Intervention de Gérard Larcher

Délégation sénatoriale aux outre-mer — Réunion du 18 novembre 2019 : 1ère réunion
Rencontre avec les élus locaux d'outre-mer

Photo de Gérard LarcherGérard Larcher, Président du Sénat :

Monsieur le président de la Délégation sénatoriale aux outre-mer, cher Michel Magras, monsieur le vice-président du Sénat, cher Thani Mohamed Soilihi, mes chers collègues sénateurs ultra-marins et métropolitains, que je vois nombreux, mes chers collègues députés - je salue nos anciens collègues et députés -, monsieur le président de l'Assemblée de Polynésie française, Gaston Tong Sang, mesdames, messieurs les maires, présidents d'associations départementales, les maires adjoints et conseillers municipaux, monsieur le membre du Conseil économique, social et environnemental (CESE), monsieur le délégué interministériel aux risques majeurs outre-mer, mesdames, messieurs. C'est avec plaisir que je vous retrouve ce matin et que je prends la parole devant vous qui présidez aux destinées de collectivités dispersées à travers plusieurs océans et continents, et qui, par là même, contribuez pleinement au rayonnement de la France.

Je tiens à vous dire - c'est sincère -, combien j'éprouve un attachement à vos territoires et à nos compatriotes qui y vivent, car ils portent les valeurs de la République à travers le monde.

Je tiens tout d'abord à remercier le président Michel Magras et mes collègues membres de la délégation, qu'ils soient d'outre-mer ou de l'hexagone, pour leur initiative de ce jour, qui permet de faire mieux connaître leurs récents travaux, notamment sur les risques naturels majeurs.
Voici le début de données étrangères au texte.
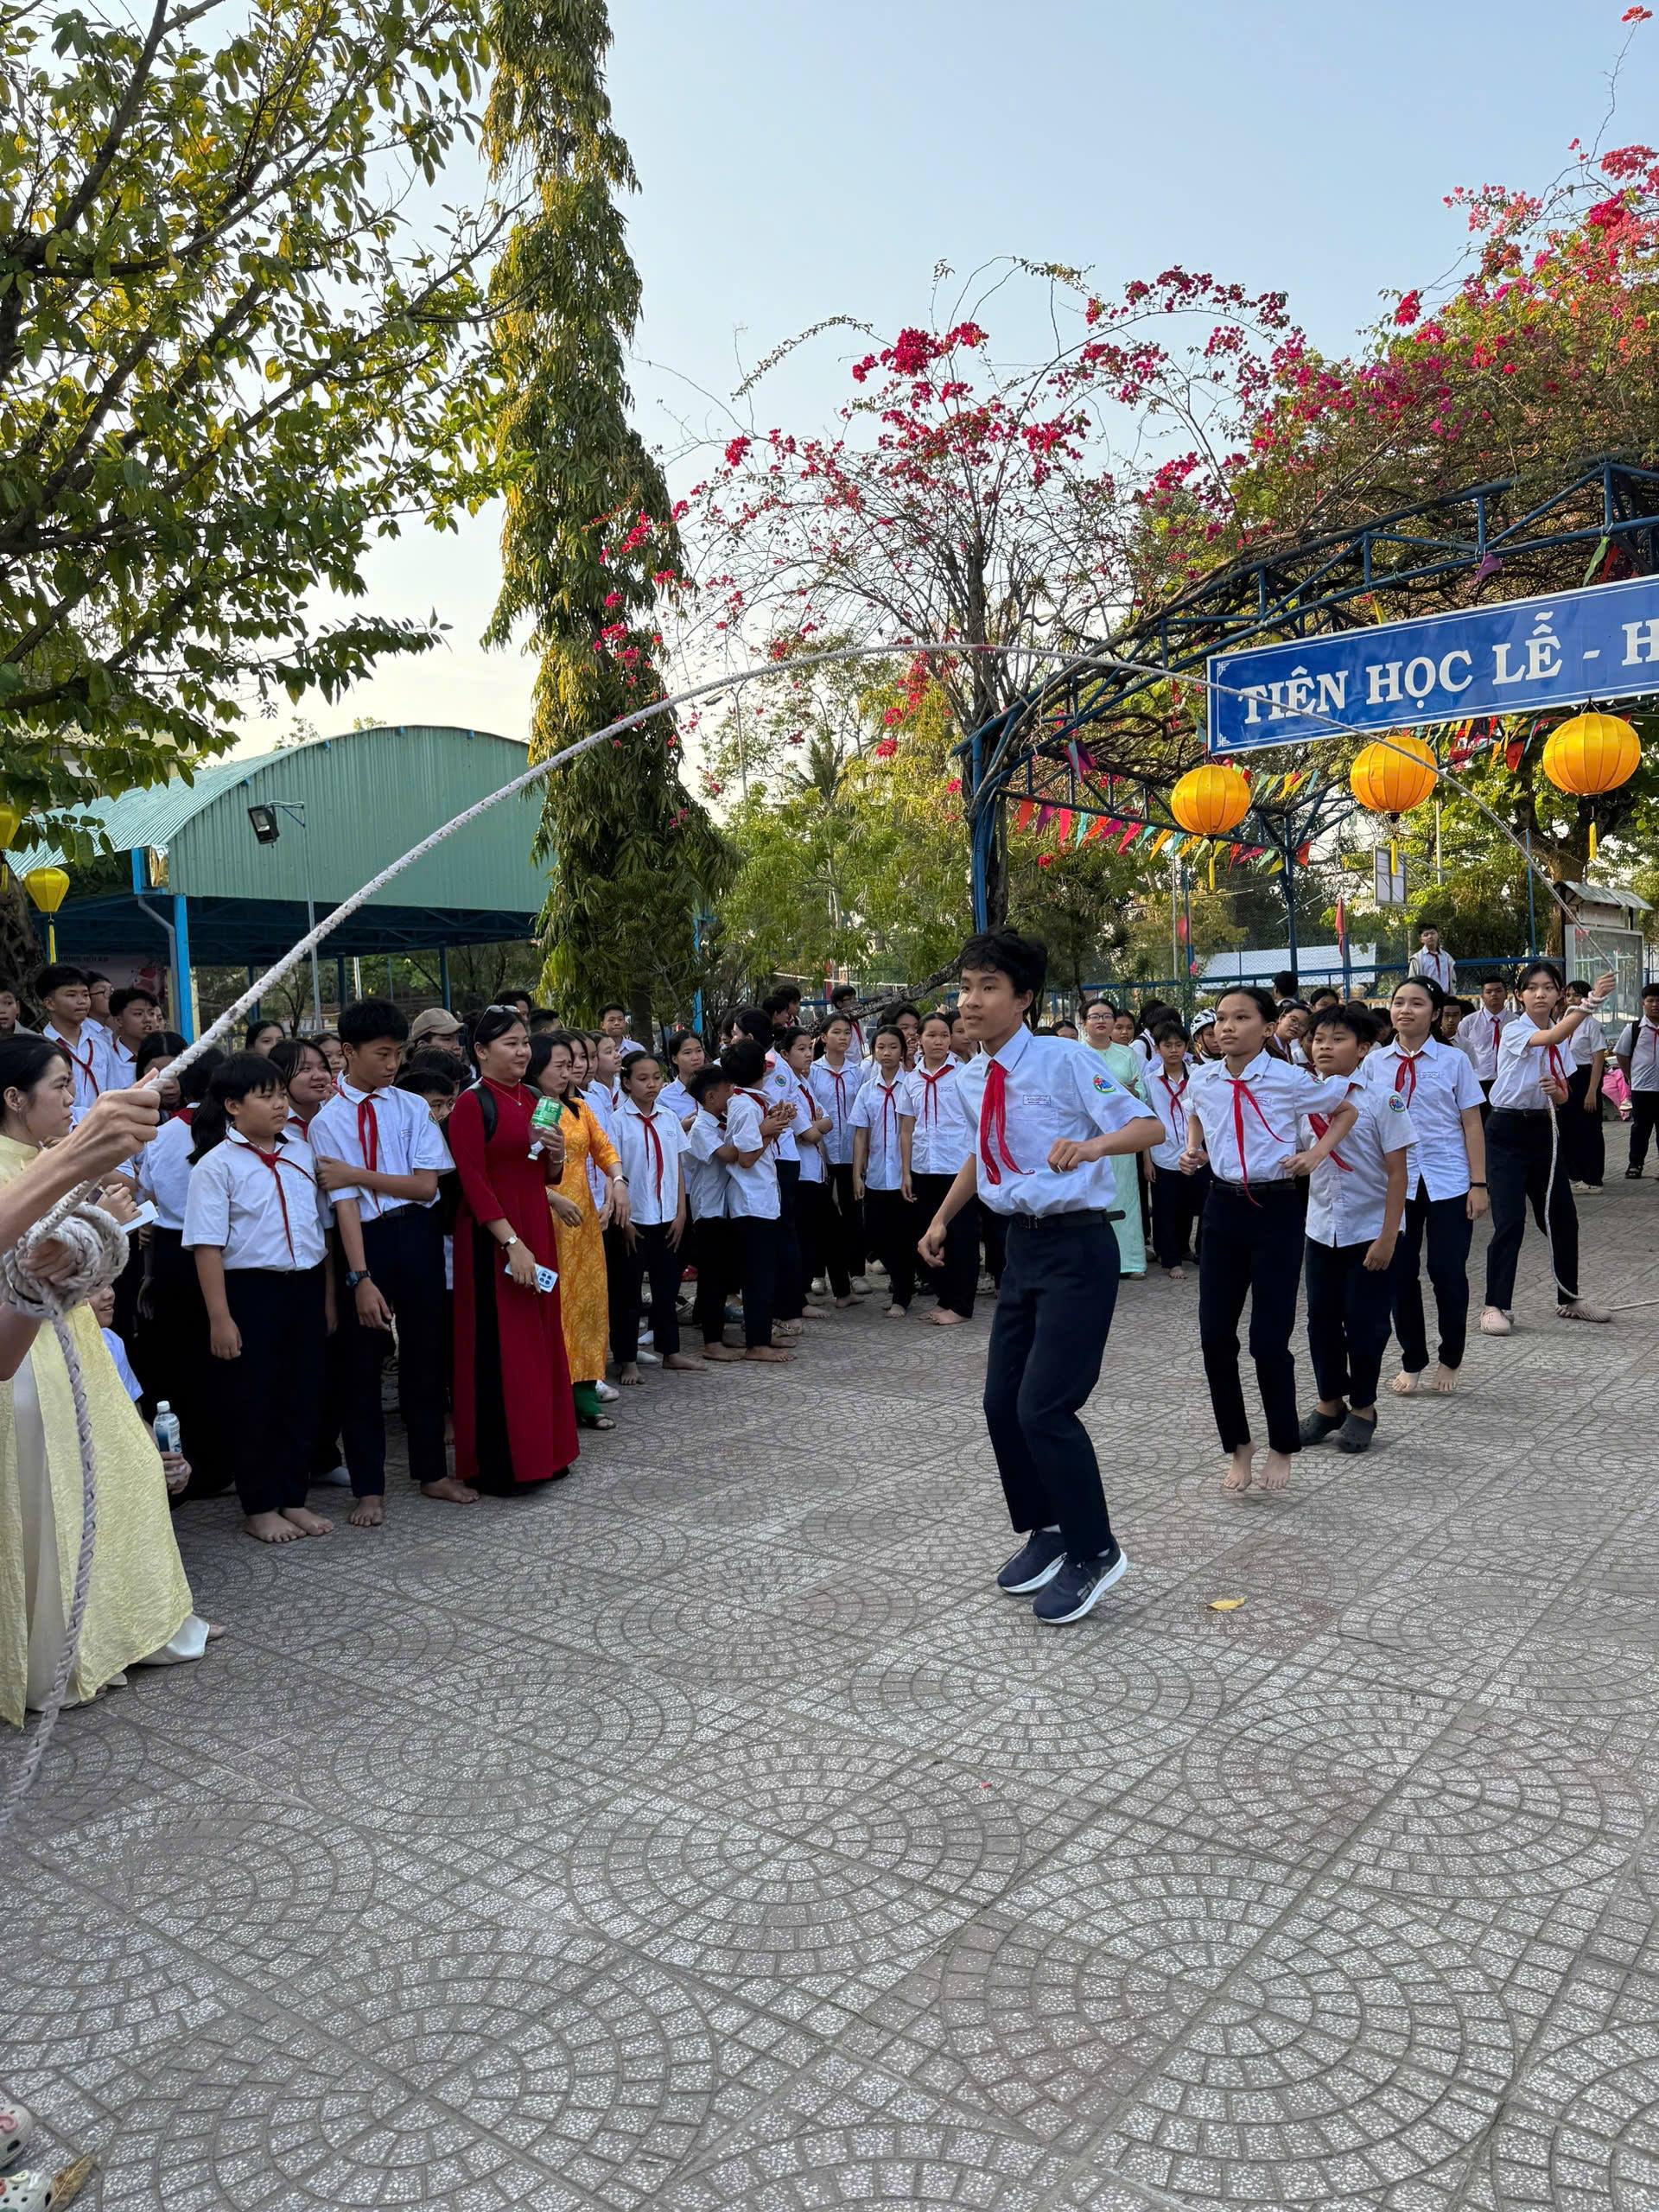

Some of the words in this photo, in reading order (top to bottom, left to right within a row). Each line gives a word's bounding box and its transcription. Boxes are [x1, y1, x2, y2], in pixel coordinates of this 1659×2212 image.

[1237, 664, 1350, 725] TIÊN
[1365, 649, 1473, 709] HỌC
[1491, 610, 1563, 685] LỄ
[1582, 649, 1601, 660] -
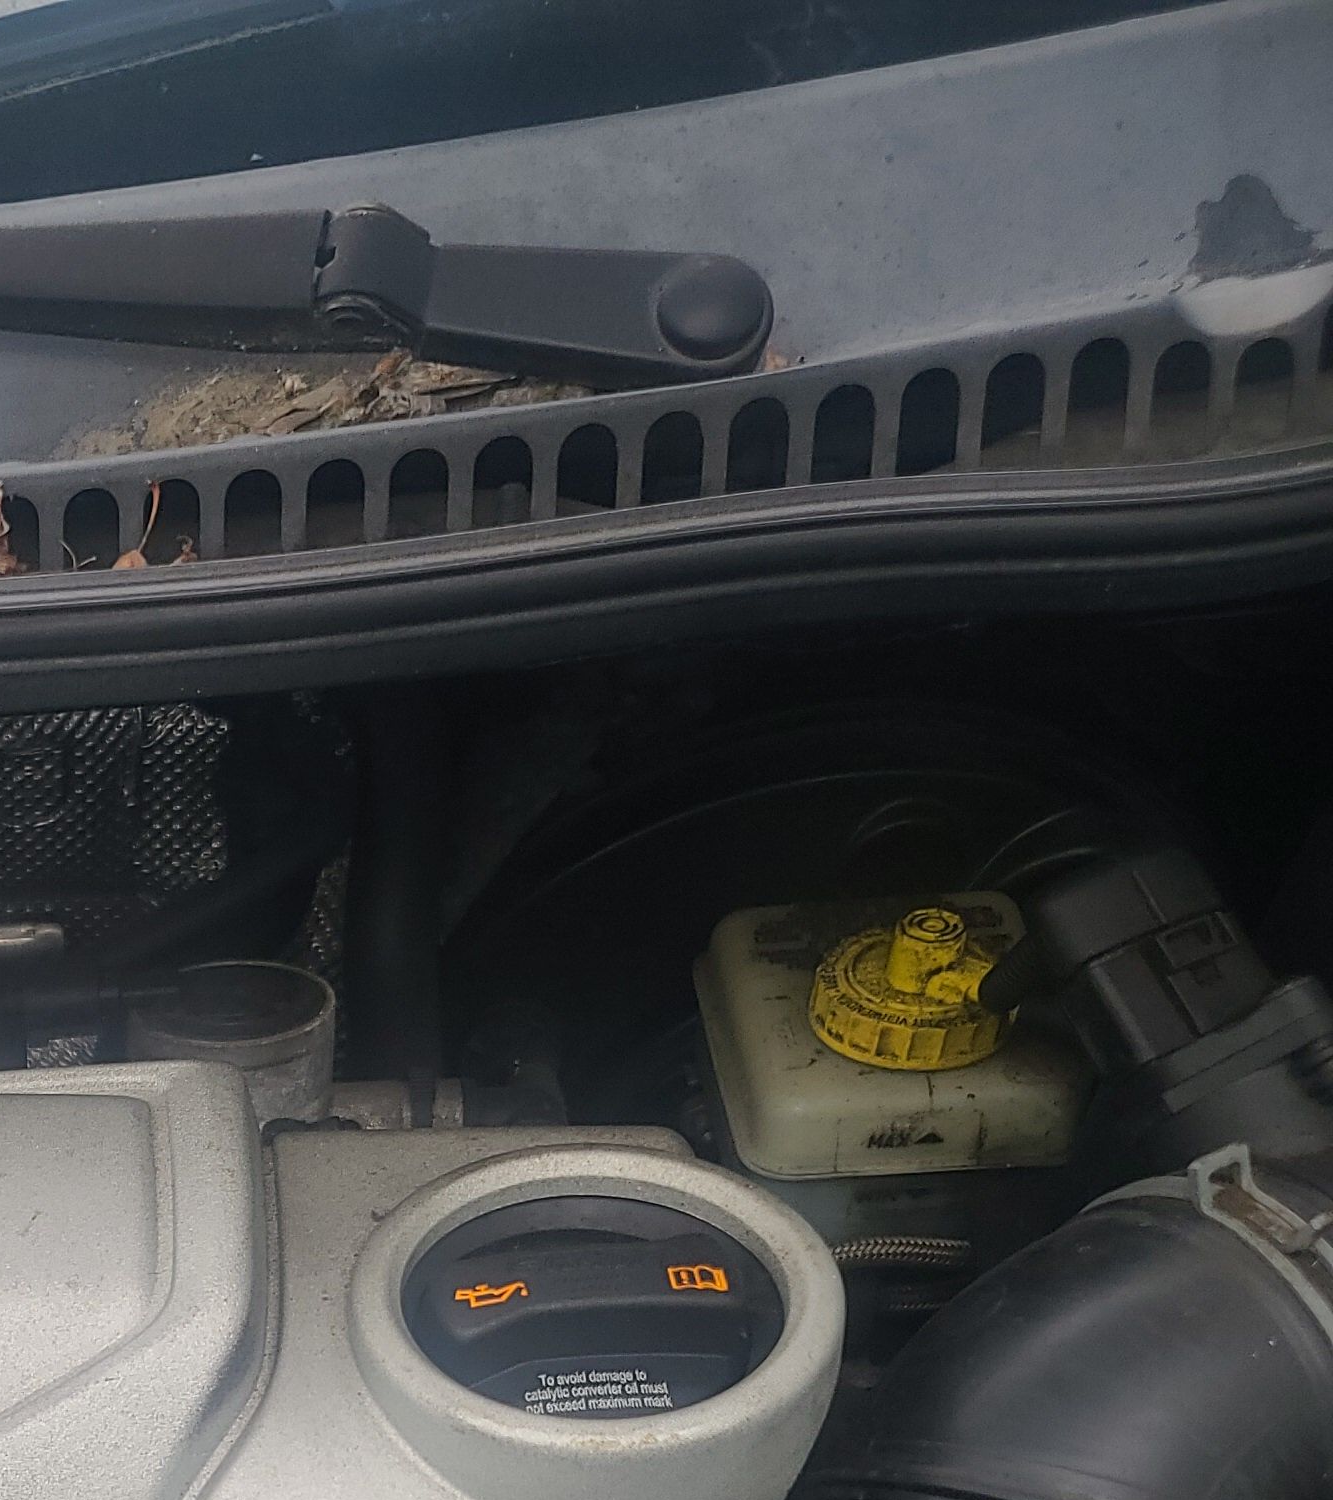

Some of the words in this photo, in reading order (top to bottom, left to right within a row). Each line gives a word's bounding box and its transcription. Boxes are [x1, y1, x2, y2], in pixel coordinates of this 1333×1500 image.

[538, 1373, 554, 1387] To
[557, 1371, 587, 1386] avoid
[588, 1370, 633, 1385] damage
[635, 1368, 647, 1382] to
[524, 1386, 569, 1402] catalytic
[571, 1383, 623, 1398] converter
[625, 1382, 639, 1394] oil
[640, 1382, 669, 1395] must
[525, 1401, 545, 1415] not
[546, 1397, 586, 1413] exceed
[588, 1396, 642, 1410] maximum
[644, 1394, 673, 1408] mark
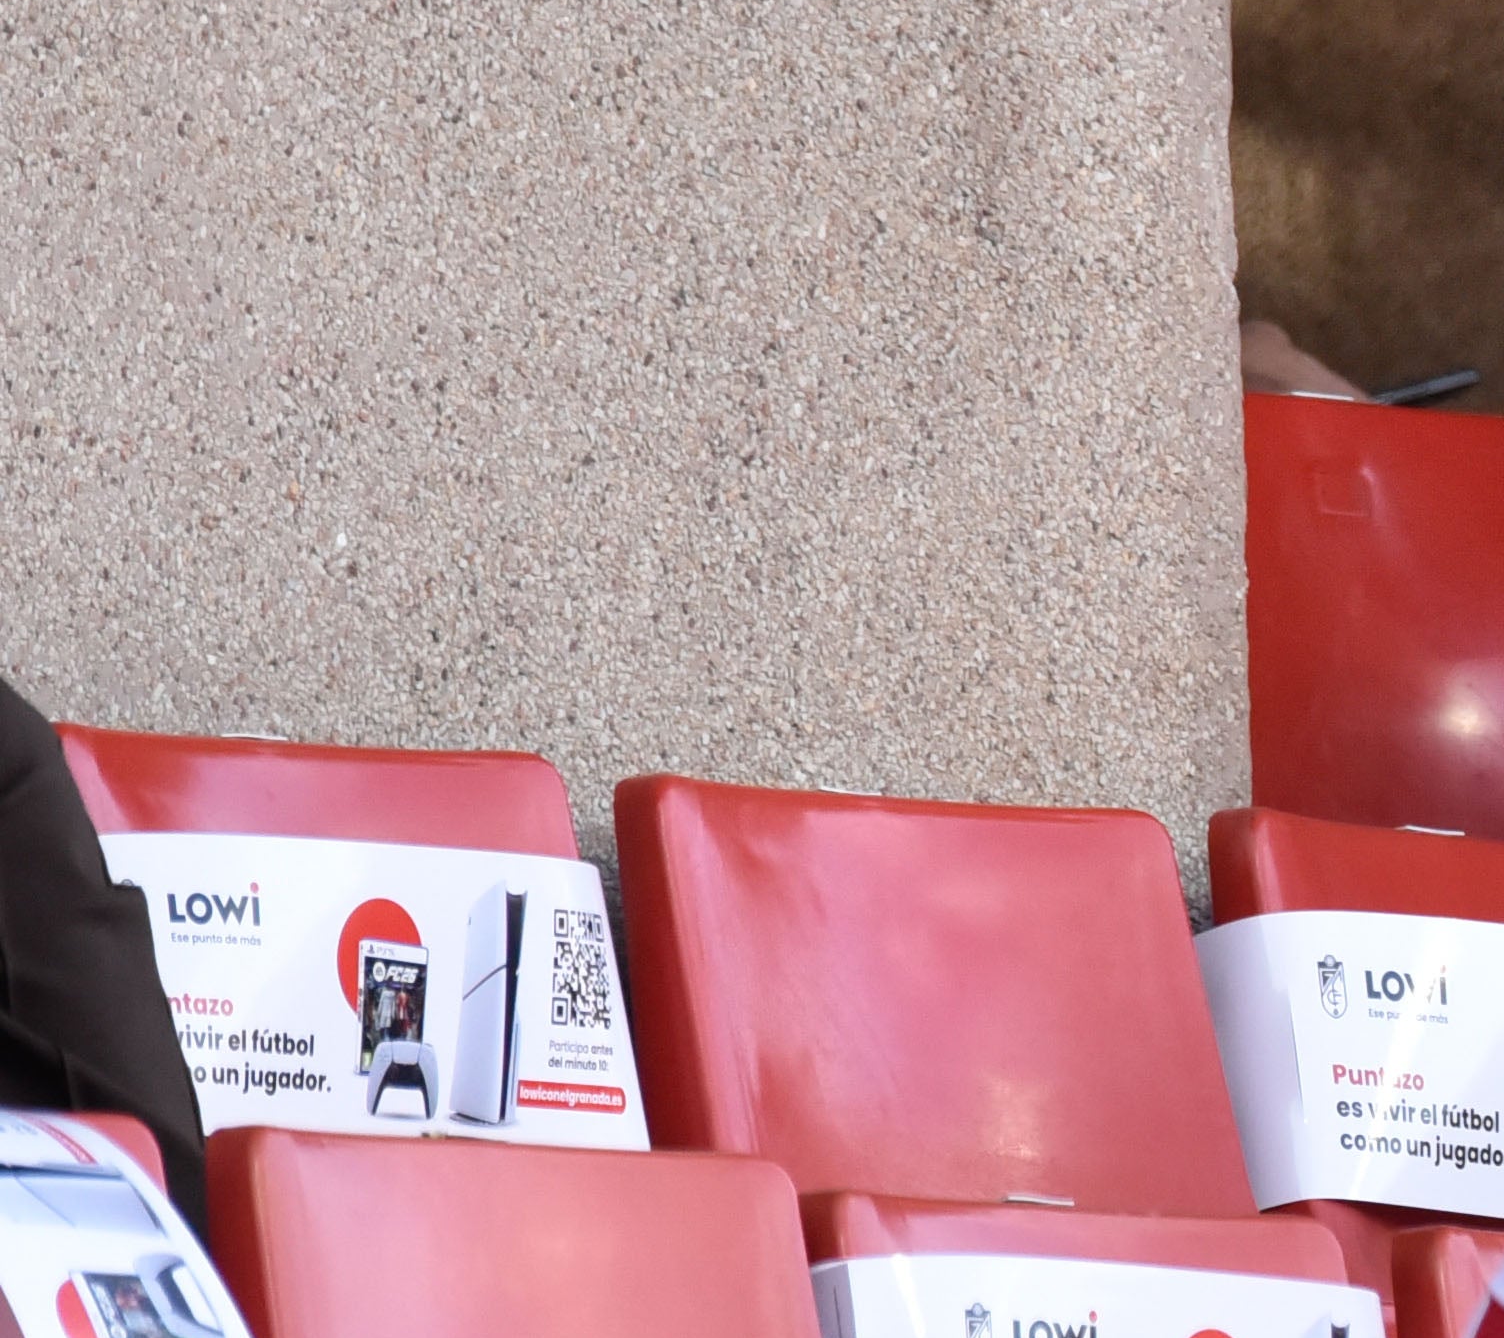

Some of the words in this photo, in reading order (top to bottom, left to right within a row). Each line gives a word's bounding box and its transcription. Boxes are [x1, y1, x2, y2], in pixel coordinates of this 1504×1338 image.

[171, 932, 189, 943] Ese
[192, 933, 223, 945] punto
[225, 934, 238, 945] de
[240, 934, 262, 946] más
[167, 992, 234, 1016] ntazo
[228, 1029, 247, 1052] el
[252, 1029, 315, 1057] fútbol
[548, 1057, 564, 1069] del
[565, 1057, 597, 1071] minuto
[212, 1066, 239, 1086] un
[243, 1062, 332, 1096] jugador.
[1336, 1099, 1363, 1118] es
[1420, 1104, 1438, 1126] el
[1441, 1104, 1500, 1133] fútbol
[1406, 1137, 1432, 1158] un
Placés sous la présidence de Guillaume Arnell, les rapporteurs Victoire Jasmin et Mathieu Darnaud, lequel ne pouvait être présent ce matin, pour le premier volet, et Abdallah Hassani et Jean-François Rapin, pour le second, ont réalisé un travail de référence.

La rencontre d'aujourd'hui contribue également à renforcer les liens entre le Sénat et les élus ultramarins et à engager un dialogue enrichissant et utile pour la préparation de futurs textes législatifs. Elle découle d'une volonté permanente d'associer l'ensemble des élus locaux à nos travaux, comme l'a exprimé il y a un instant notre collègue Thani Mohamed Soilihi, vice-président et président de la délégation chargée de la présence territoriale du Sénat, en vous présentant la plateforme interactive de consultation des élus. N'hésitez pas à vous en servir ! Sur la question du statut des élus, nous avons reçu 18 500 réponses. Cet outil va encore monter en puissance. À l'heure de la société participative, la participation des élus en amont des textes en débat est très importante. À cet égard, la plateforme constitue une ligne directe avec le terrain. Vous devez vous l'approprier afin que nous puissions recueillir votre avis sur les propositions sénatoriales et veiller à ce que celles-ci répondent à vos attentes.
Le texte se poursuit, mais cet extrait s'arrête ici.